The Matchmaker, the Makeover, and Matteo Costa’s Last Pork Schiacciata

Chapter One — The Last Pork Schiacciata

A romantic story of second chances, meddling aunties, beauty salons, Italian sandwiches, and one guarded man who forgot how to believe in love.

Love did not arrive for Annalisa Sterling with violins, moonlight, or a handsome stranger reaching for her hand across a candlelit table.

Love arrived wearing bangles, red lipstick, a purple head scarf, and yelling across a crowded Italian deli:

“Mary Romano, don’t you dare sell my sandwiches to anybody else!”

That was the first sign Annalisa should have run.

The second sign was when the old woman holding her wrist said, “Your palm says your love life is tired, your spirit is underfed, and your hair needs professional attention.”

Annalisa blinked.

“I came here for matchmaking,” she said.
“And I am matching you,” the woman replied. “First with yourself.”

Her name was Amore Unione, which meant love and union, and she looked exactly like a woman who had been born during a thunderstorm and raised by fortune tellers, opera singers, and nosy Italian grandmothers.

She wore a velvet burgundy shawl, six silver rings, turquoise earrings, and boots with tiny embroidered moons on them. Her perfume smelled like roses, espresso, and trouble.

Annalisa had found her online after one desperate midnight search:

Best matchmaker in Atlanta for women starting over.

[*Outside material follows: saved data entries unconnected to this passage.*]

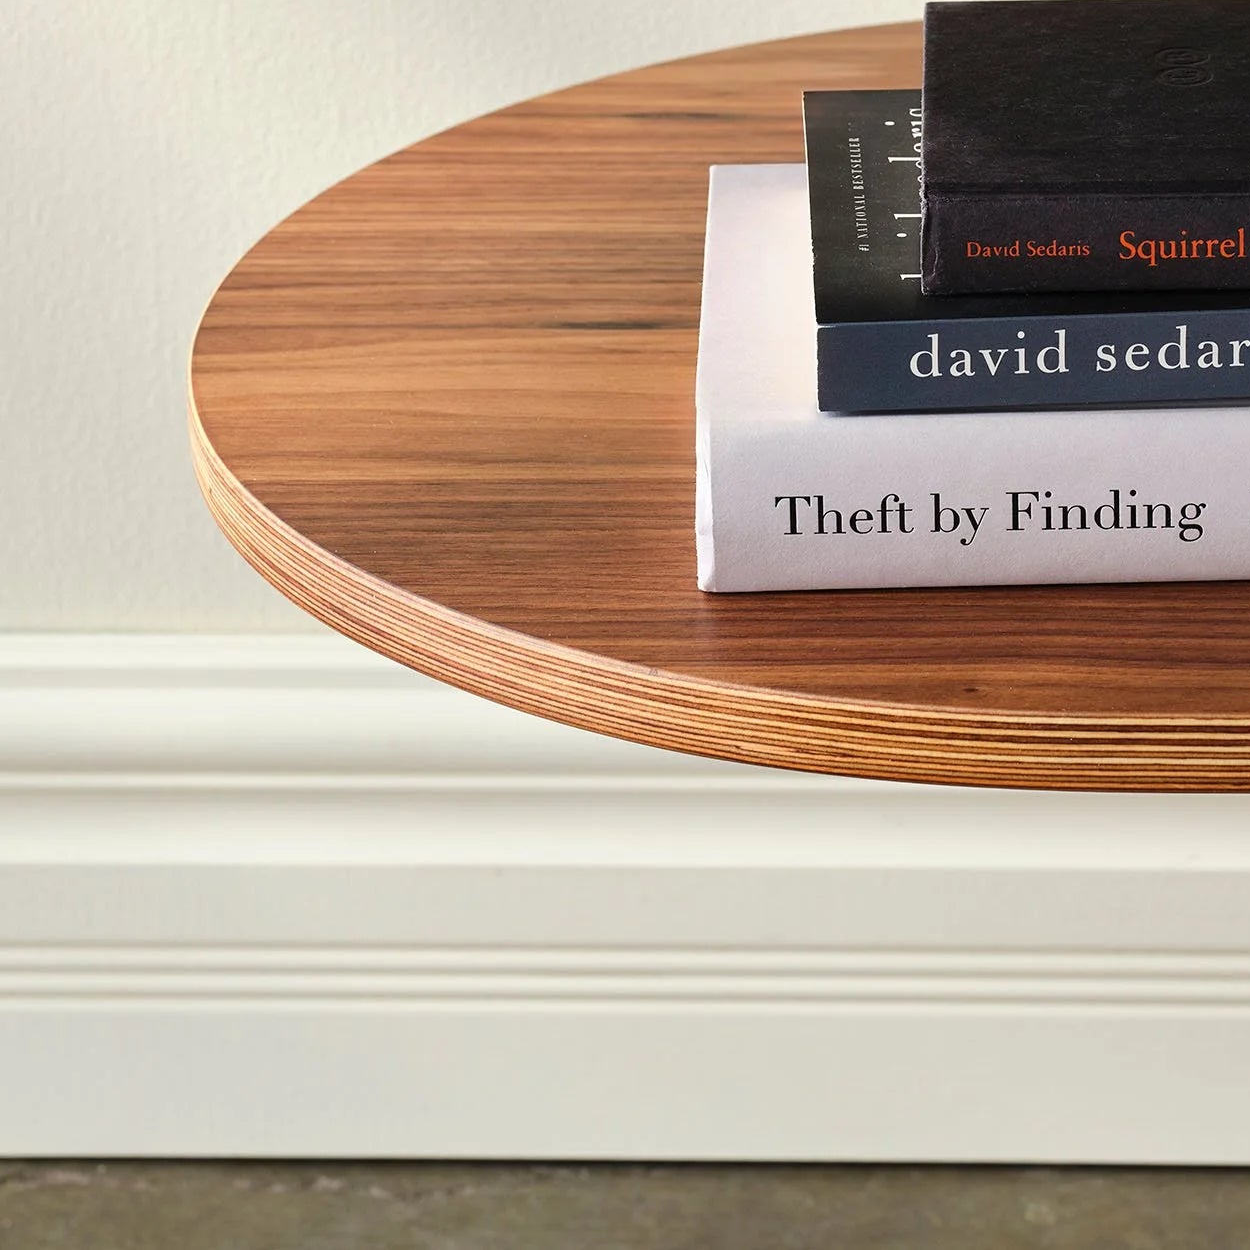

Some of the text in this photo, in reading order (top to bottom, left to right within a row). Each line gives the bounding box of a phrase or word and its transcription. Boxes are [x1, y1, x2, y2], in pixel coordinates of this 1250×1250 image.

[848, 137, 865, 190] BESTSELLER
[852, 195, 868, 239] NATIONAL
[966, 240, 1090, 257] David Sedaris
[1119, 227, 1246, 266] Squirrel
[909, 329, 1069, 377] david
[774, 489, 1207, 546] Theft by Finding

She was twenty-nine years old, nearly thirty, and tired of pretending she was fine.

Fine with dating apps.

Fine with men who texted “wyd” like punctuation was too heavy to carry.

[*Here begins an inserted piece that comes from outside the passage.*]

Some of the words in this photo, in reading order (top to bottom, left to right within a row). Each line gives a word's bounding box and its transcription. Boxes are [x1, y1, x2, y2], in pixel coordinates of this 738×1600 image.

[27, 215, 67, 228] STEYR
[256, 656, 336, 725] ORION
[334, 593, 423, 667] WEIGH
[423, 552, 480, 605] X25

Fine with being asked, “So why are you still single?” by people who had somehow confused marriage with proof of moral achievement.

She was not fine.

She was lonely in a polished way. The kind of lonely that wore nice clothes, paid bills on time, smiled at brunch, and went home to a quiet apartment that knew too many of her secrets.

So she came to Amore.

She expected a questionnaire. Maybe a personality test. Maybe a tasteful file of successful men with good shoes and stable retirement accounts.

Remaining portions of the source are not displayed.